Task to carry out:
The records that follow must be repeated exactly, except for their pictures.

Supplied information:
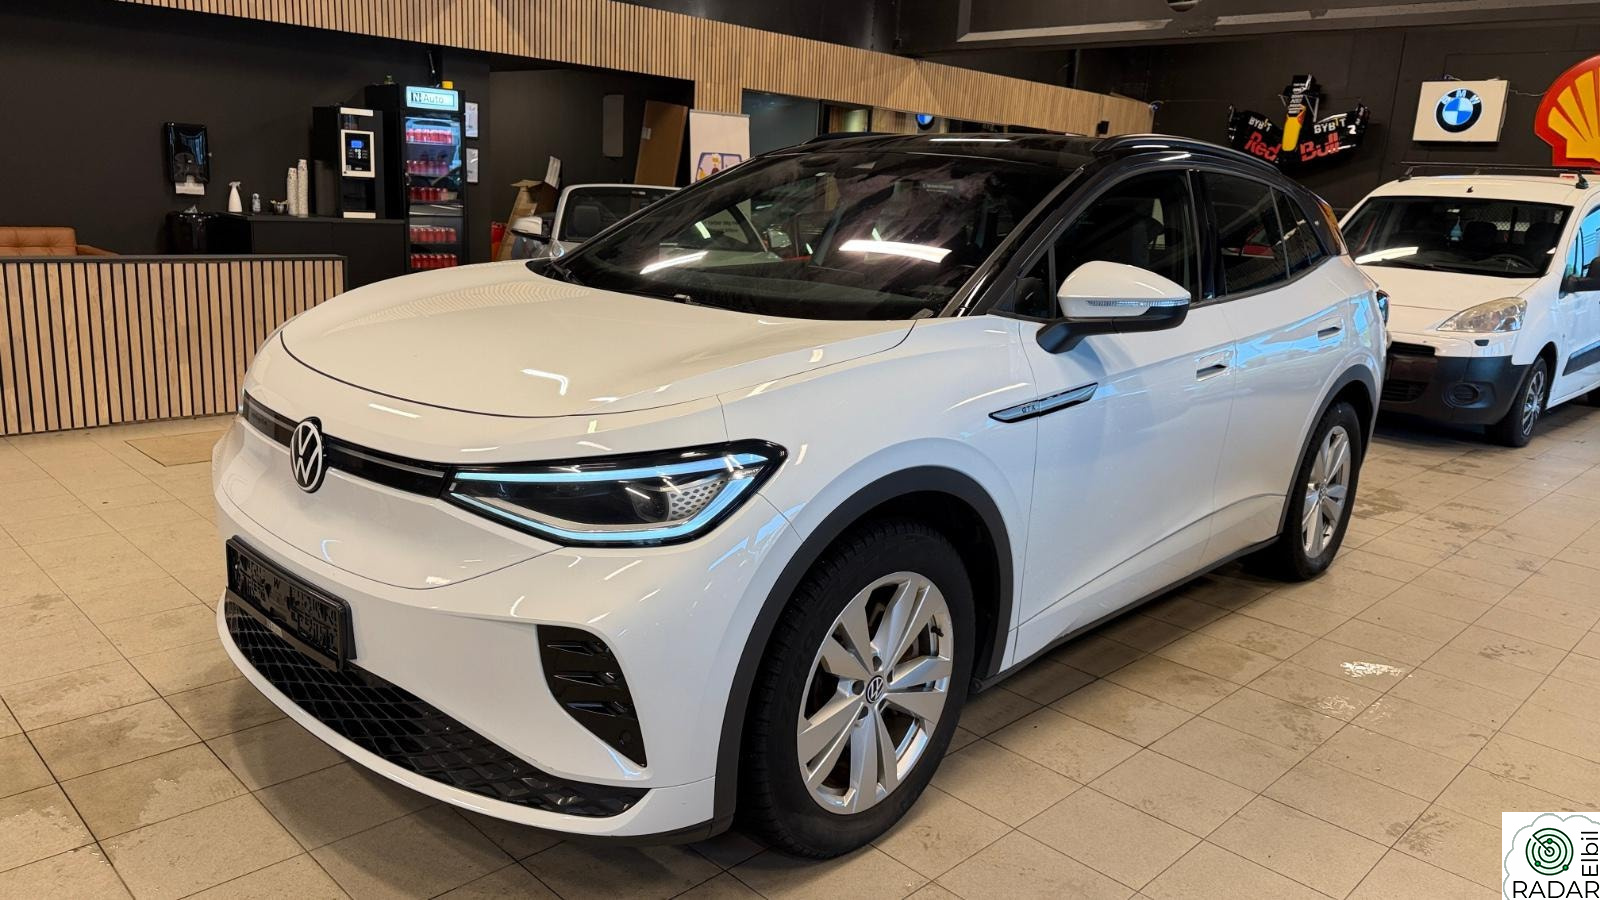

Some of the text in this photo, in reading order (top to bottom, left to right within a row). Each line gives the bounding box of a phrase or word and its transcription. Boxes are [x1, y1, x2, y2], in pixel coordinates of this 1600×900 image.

[424, 94, 444, 104] Auto
[1440, 89, 1480, 105] BMW
[1244, 131, 1339, 161] Red Bull
[1022, 405, 1036, 413] GTX
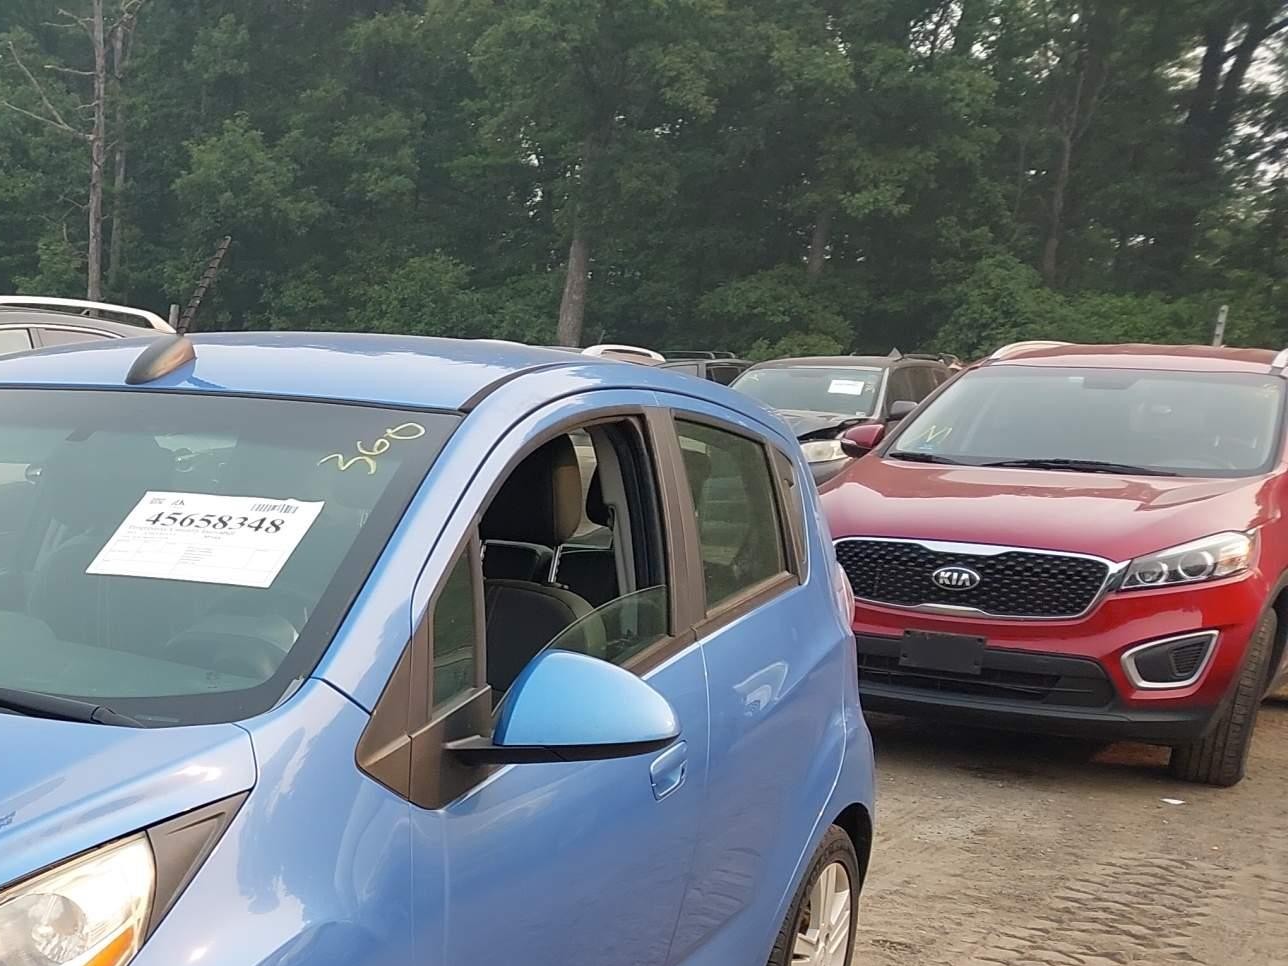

Answer to this task:
Some of the text in this photo, in reading order (top to bottom, left to right within a row). Each line gives the bounding box of a phrase or word and its transcription. Boxes are [x1, y1, x2, y2], in pixel coordinates of this 1600×900 image.

[424, 94, 444, 104] Auto
[1440, 89, 1480, 105] BMW
[1244, 131, 1339, 161] Red Bull
[1022, 405, 1036, 413] GTX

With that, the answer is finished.